Your answer must be the full set of records, copied exactly, with no pictures in it.

→ Extracted entries:
Segment Open
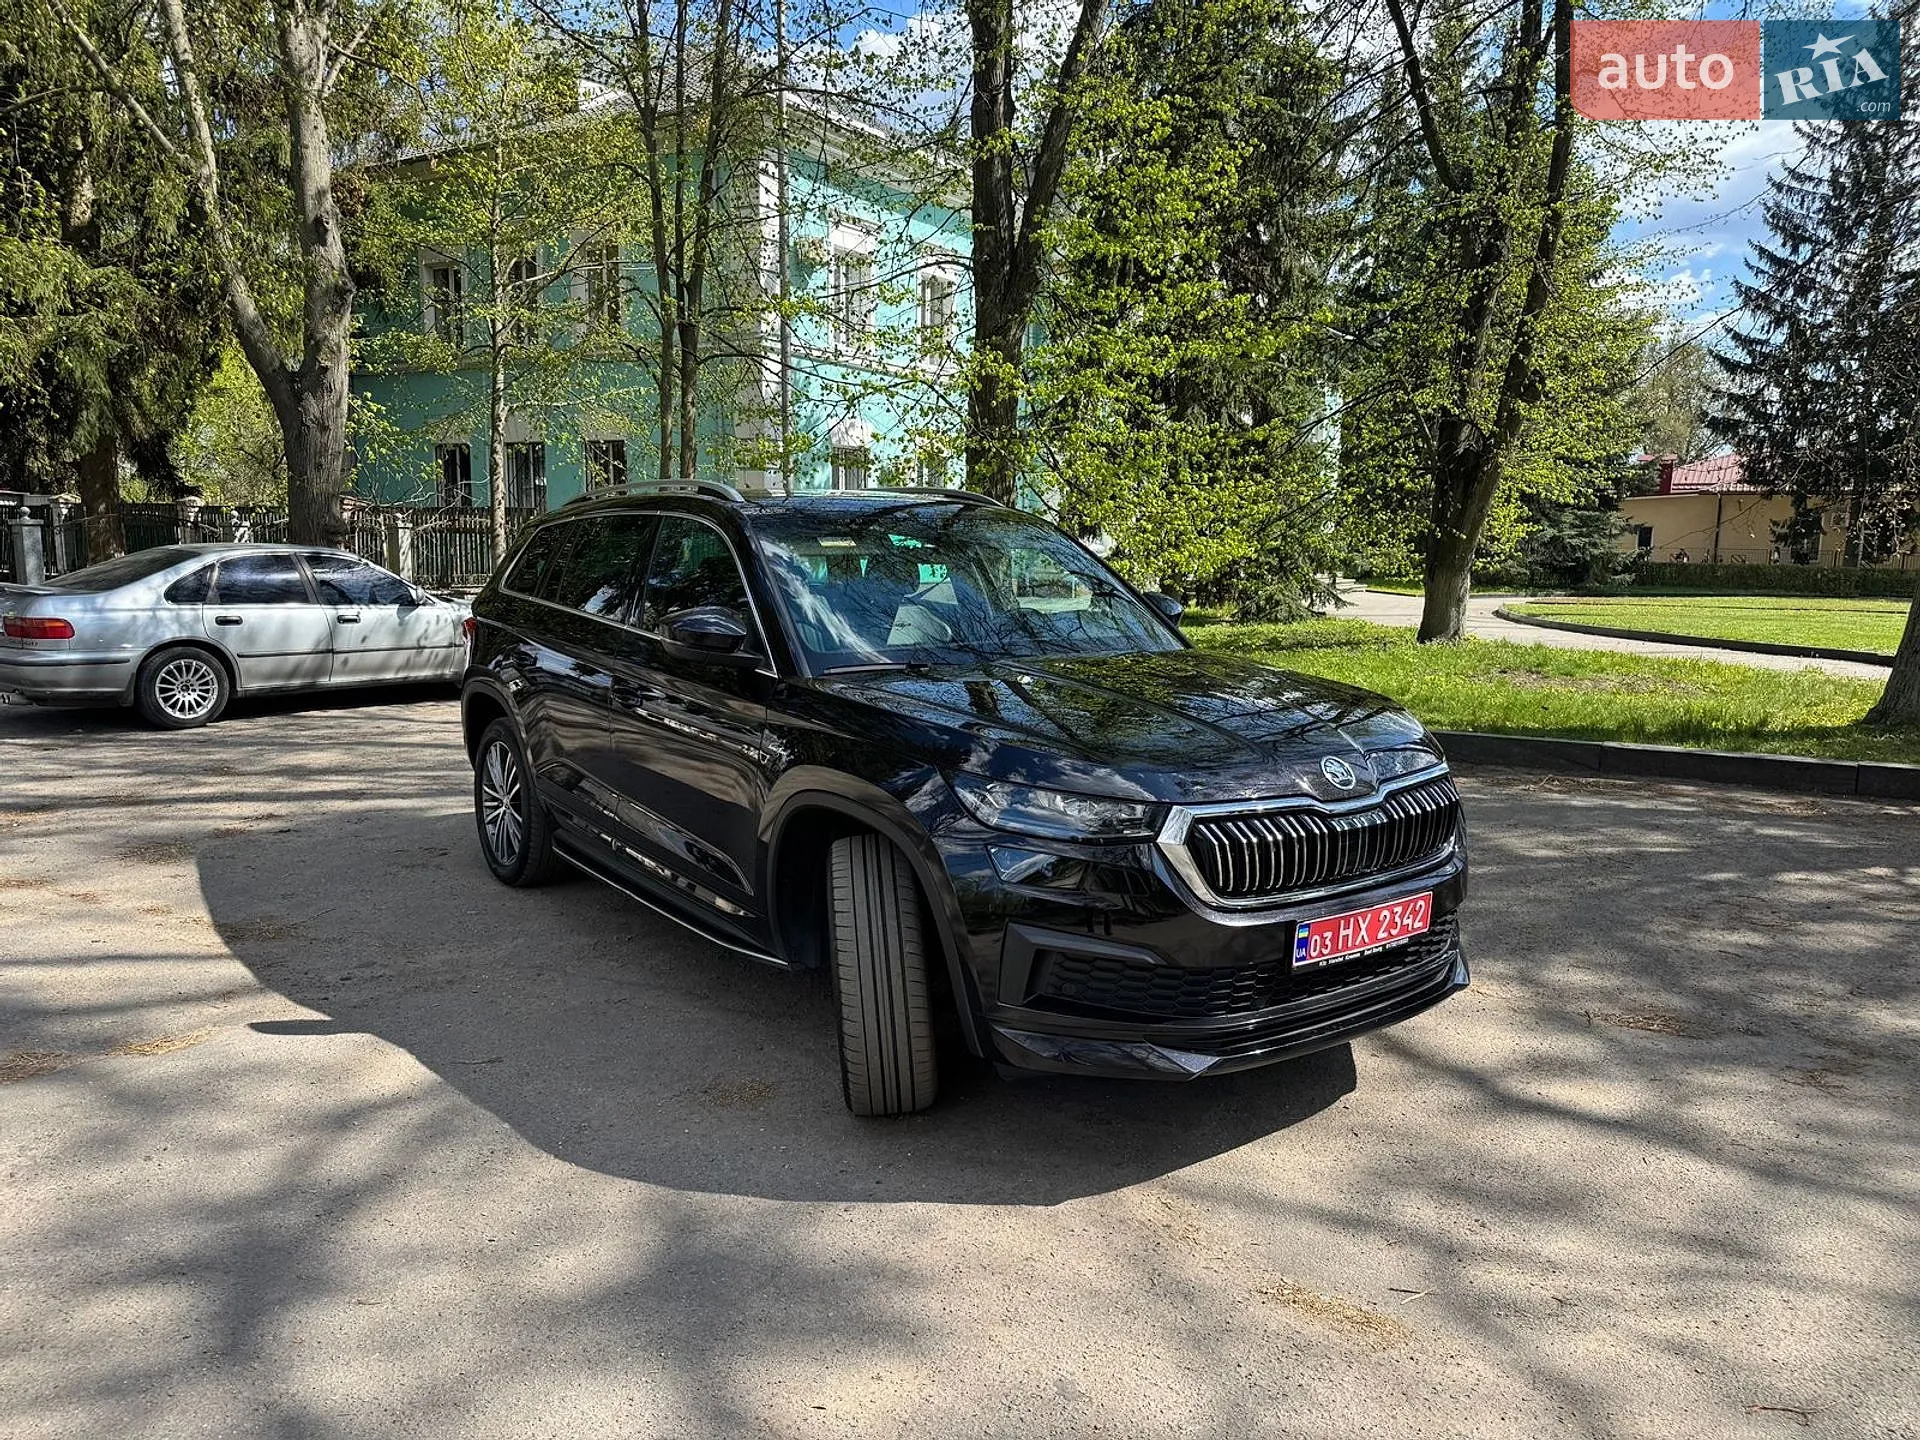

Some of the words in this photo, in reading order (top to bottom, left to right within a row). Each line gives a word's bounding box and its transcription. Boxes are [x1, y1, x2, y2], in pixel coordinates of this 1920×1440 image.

[1310, 931, 1333, 957] 03
[1338, 913, 1371, 949] HX
[1377, 900, 1425, 940] 2342
[1296, 948, 1306, 958] UA
Segment Closed
→ Answer:
Some of the words in this photo, in reading order (top to bottom, left to right within a row). Each line gives a word's bounding box and its transcription. Boxes are [x1, y1, x2, y2], in pixel coordinates of this 1920×1440 image.

[1310, 931, 1333, 957] 03
[1338, 913, 1371, 949] HX
[1377, 900, 1425, 940] 2342
[1296, 948, 1306, 958] UA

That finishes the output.